Directions:
Your task is to repeat, word for word, the line containing "this 1659×2212 image." and all lines that follow it to the end of the material, and no other lines.

Dataset extract:
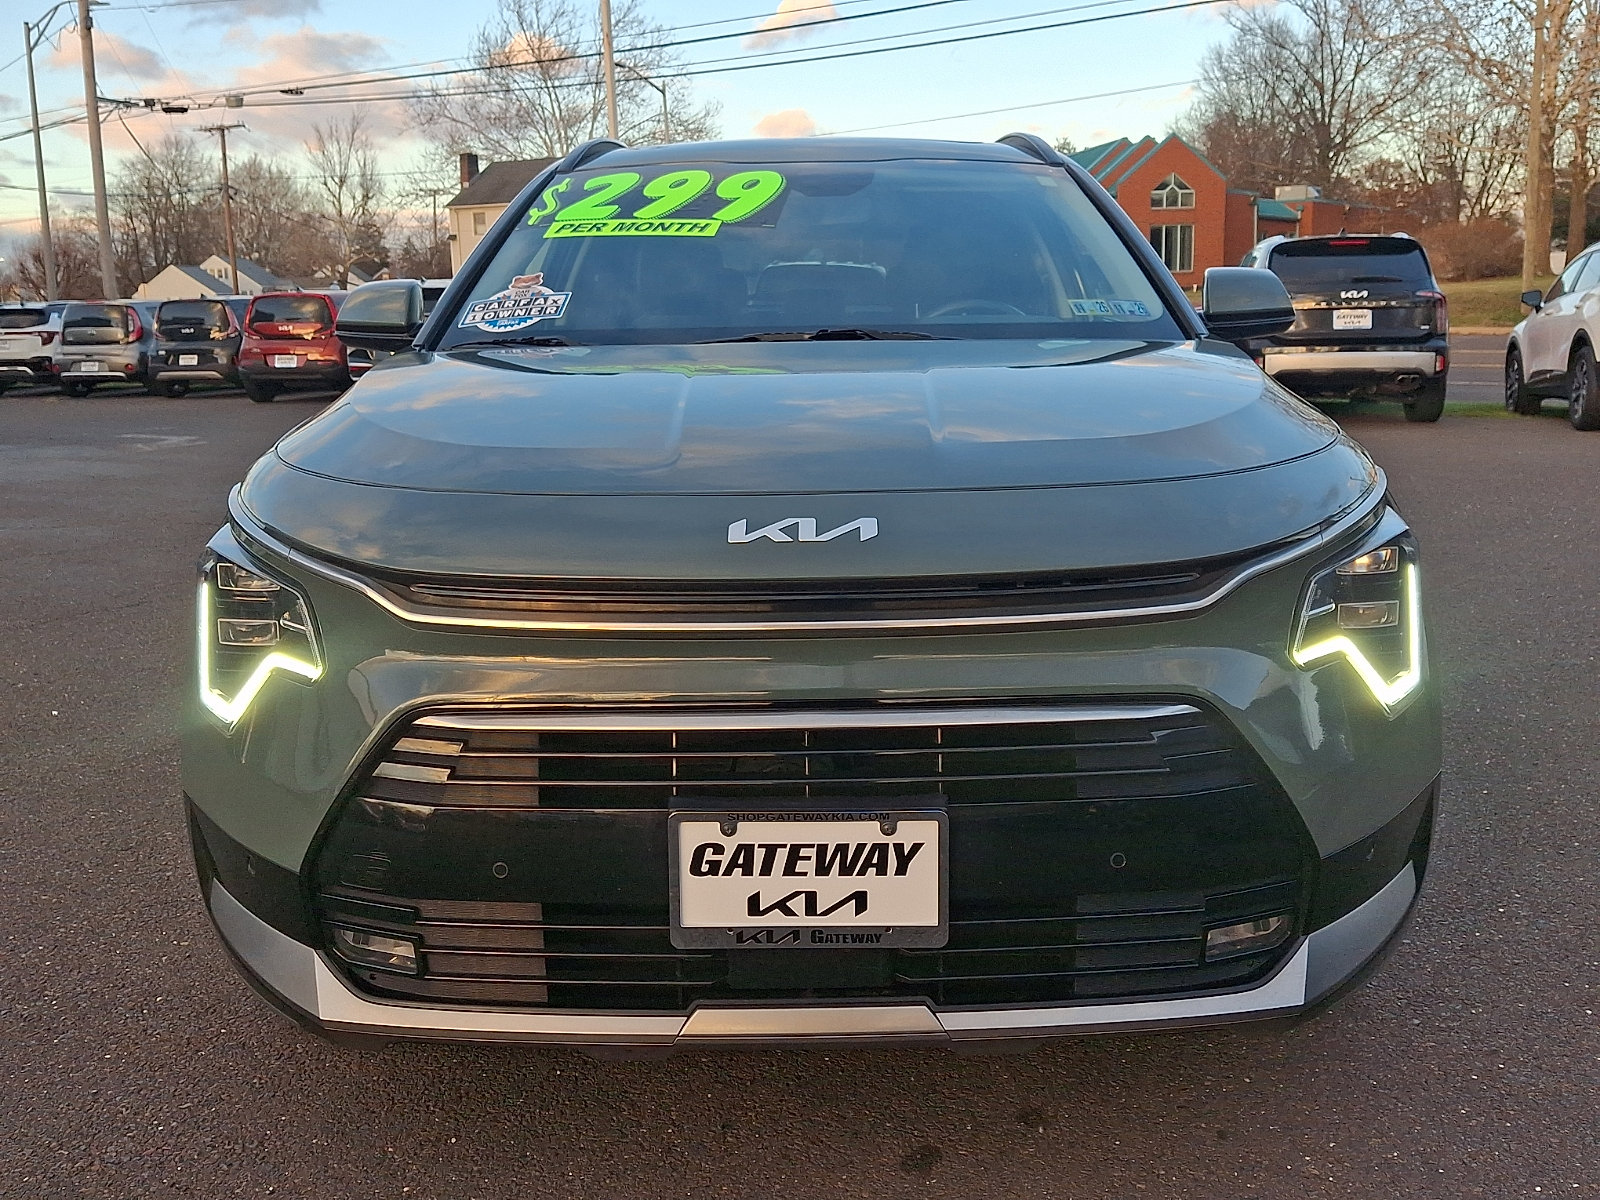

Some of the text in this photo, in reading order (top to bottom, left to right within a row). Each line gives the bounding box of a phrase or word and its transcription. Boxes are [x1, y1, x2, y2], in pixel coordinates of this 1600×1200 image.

[527, 170, 787, 225] $299
[554, 221, 712, 234] PER MONTH
[474, 298, 561, 312] CARFAX
[483, 306, 558, 321] OWNER
[728, 517, 878, 543] KIA
[727, 812, 890, 822] SHOPGATEWAYKIA.COM
[689, 842, 926, 877] GATEWAY
[747, 890, 868, 917] KIA
[735, 929, 801, 945] KIA
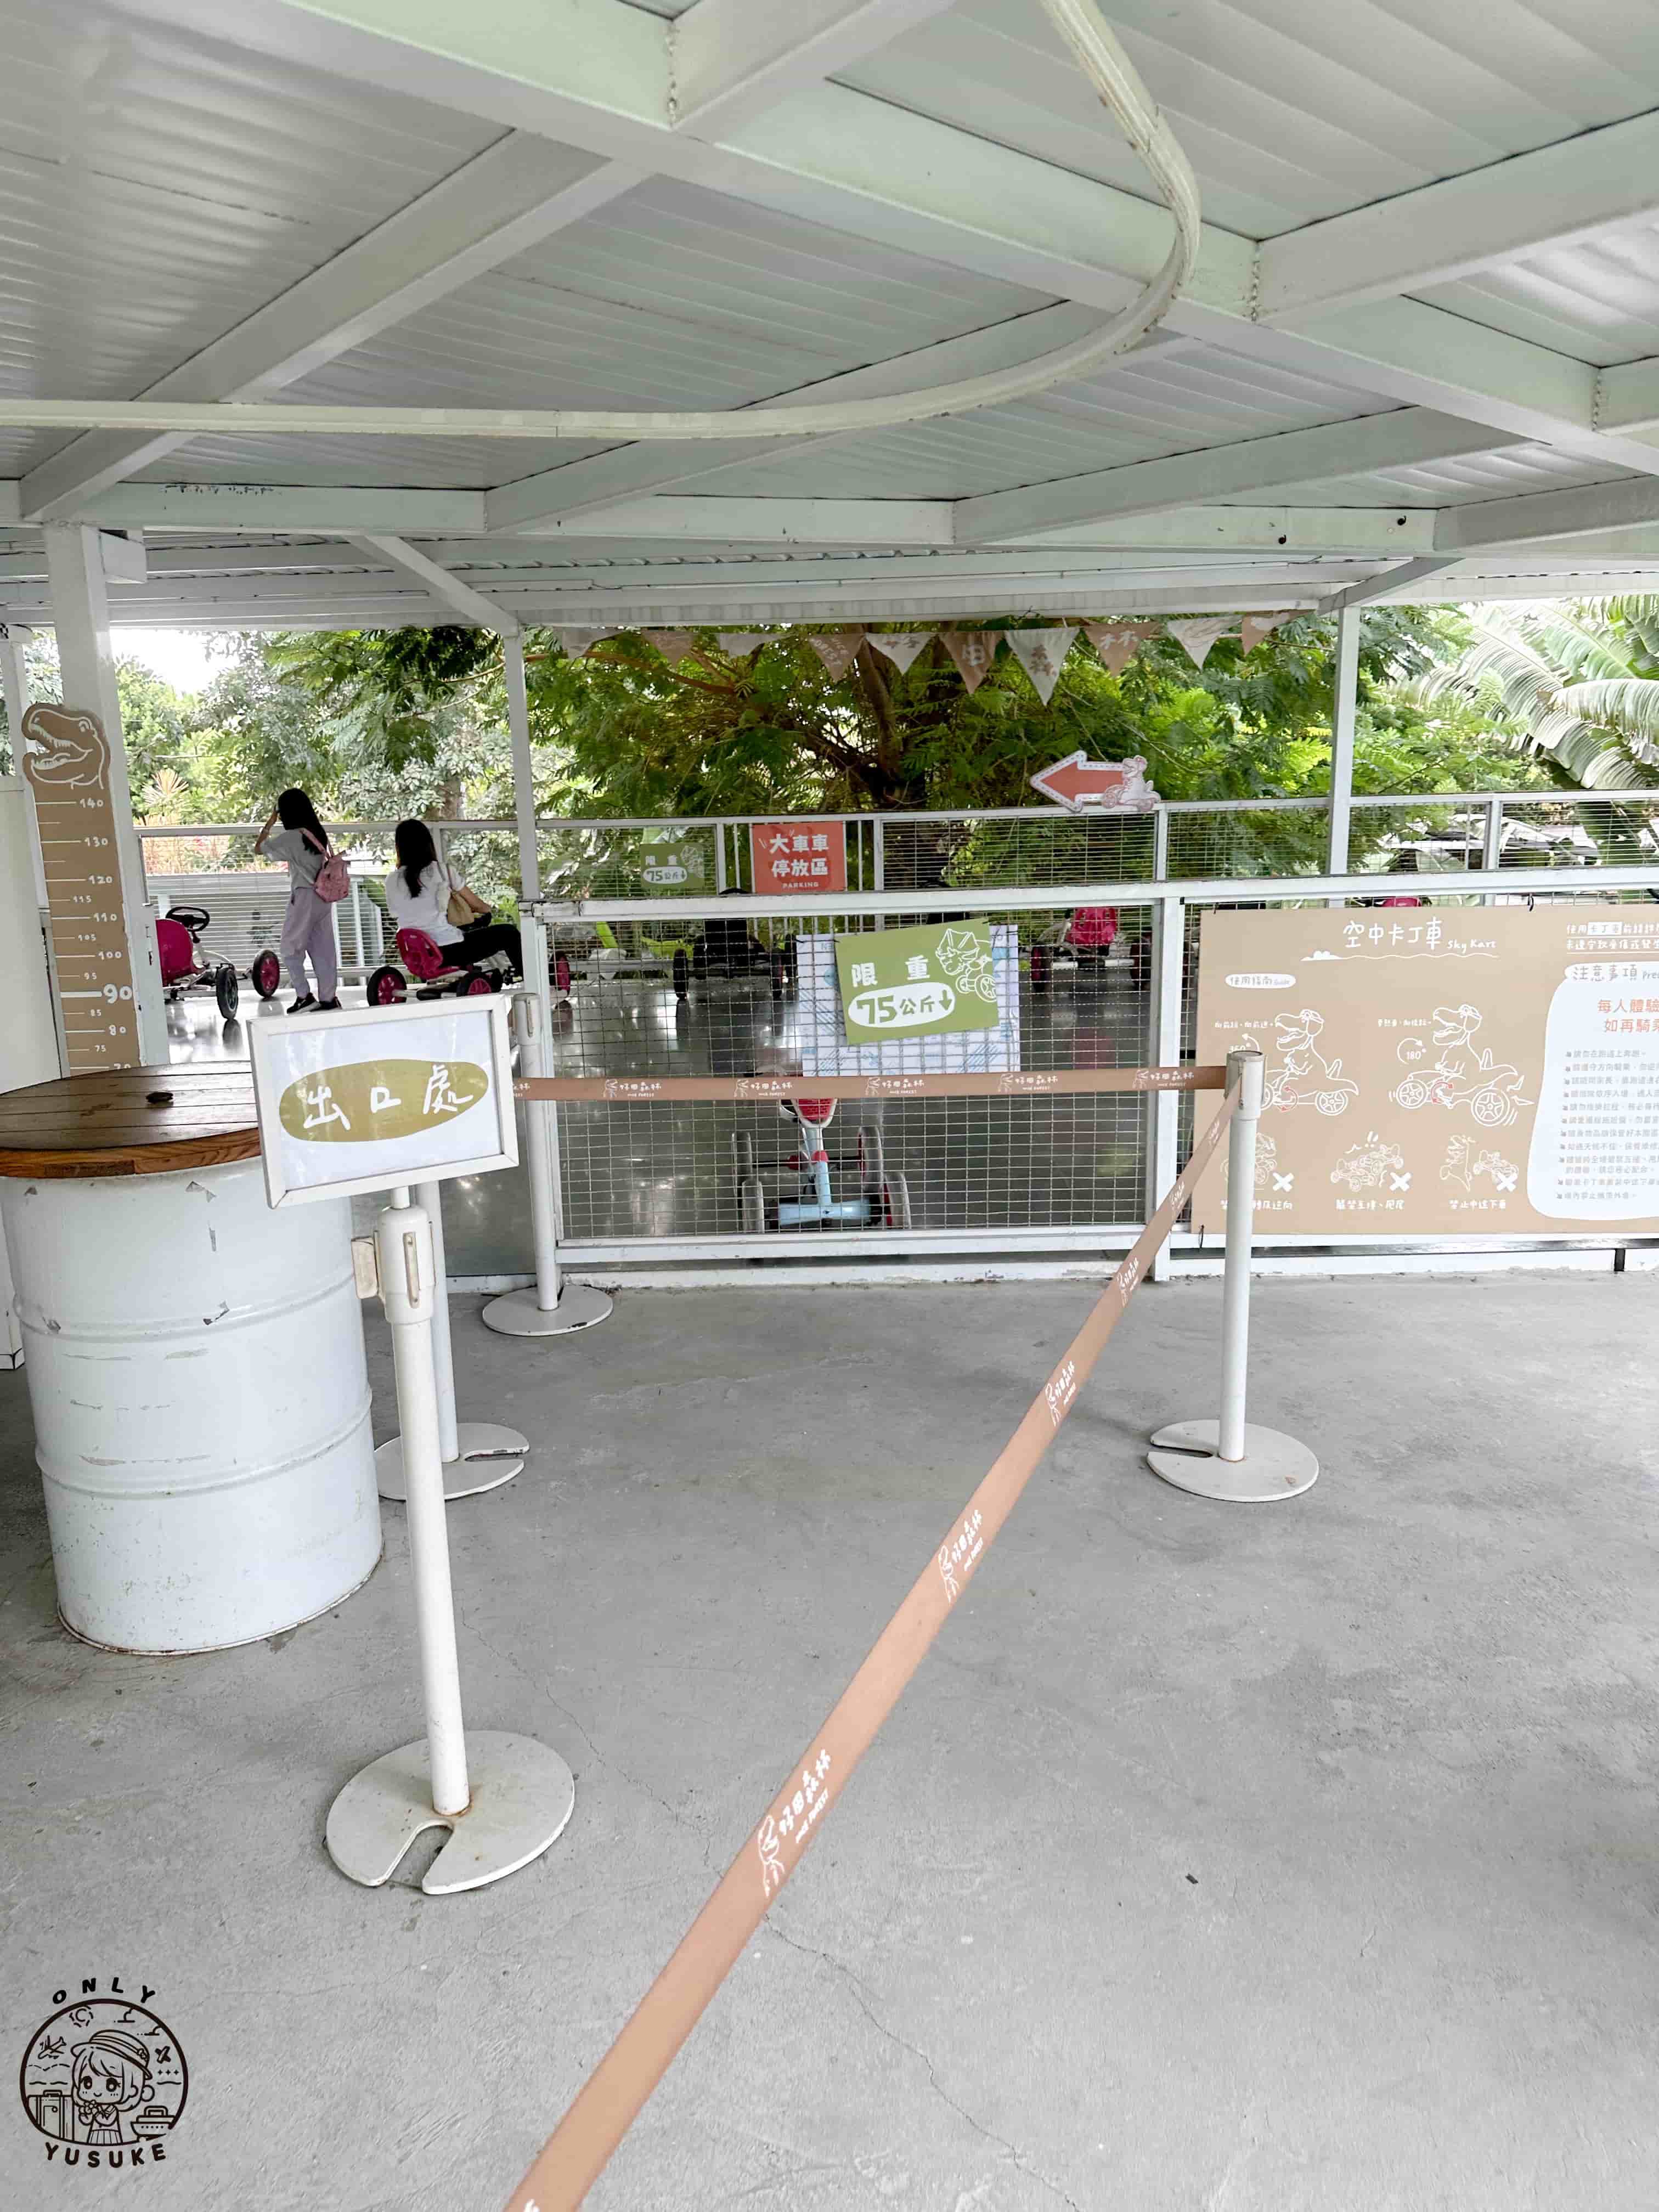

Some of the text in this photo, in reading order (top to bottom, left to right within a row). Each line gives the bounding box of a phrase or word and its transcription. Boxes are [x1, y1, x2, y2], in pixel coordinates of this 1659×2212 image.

[80, 798, 104, 809] 140
[84, 836, 109, 848] 130
[769, 833, 830, 854] 大車車
[772, 857, 828, 878] 停放區
[89, 875, 113, 885] 120
[73, 895, 92, 904] 115
[94, 912, 117, 922] 110
[1343, 916, 1443, 950] 空中卡丁車
[1447, 939, 1497, 954] Sky Kart
[98, 951, 122, 961] 100
[1573, 964, 1638, 981] 注意事項
[103, 984, 133, 1004] 90
[856, 994, 935, 1025] 75公斤
[109, 1024, 127, 1036] 80
[303, 1063, 473, 1130] 出口處

Response to this exercise:
Some of the text in this photo, in reading order (top to bottom, left to right within a row). Each line gives the bounding box of a phrase or word and its transcription. Boxes are [x1, y1, x2, y2], in pixel coordinates of this 1659×2212 image.

[80, 798, 104, 809] 140
[84, 836, 109, 848] 130
[769, 833, 830, 854] 大車車
[772, 857, 828, 878] 停放區
[89, 875, 113, 885] 120
[73, 895, 92, 904] 115
[94, 912, 117, 922] 110
[1343, 916, 1443, 950] 空中卡丁車
[1447, 939, 1497, 954] Sky Kart
[98, 951, 122, 961] 100
[1573, 964, 1638, 981] 注意事項
[103, 984, 133, 1004] 90
[856, 994, 935, 1025] 75公斤
[109, 1024, 127, 1036] 80
[303, 1063, 473, 1130] 出口處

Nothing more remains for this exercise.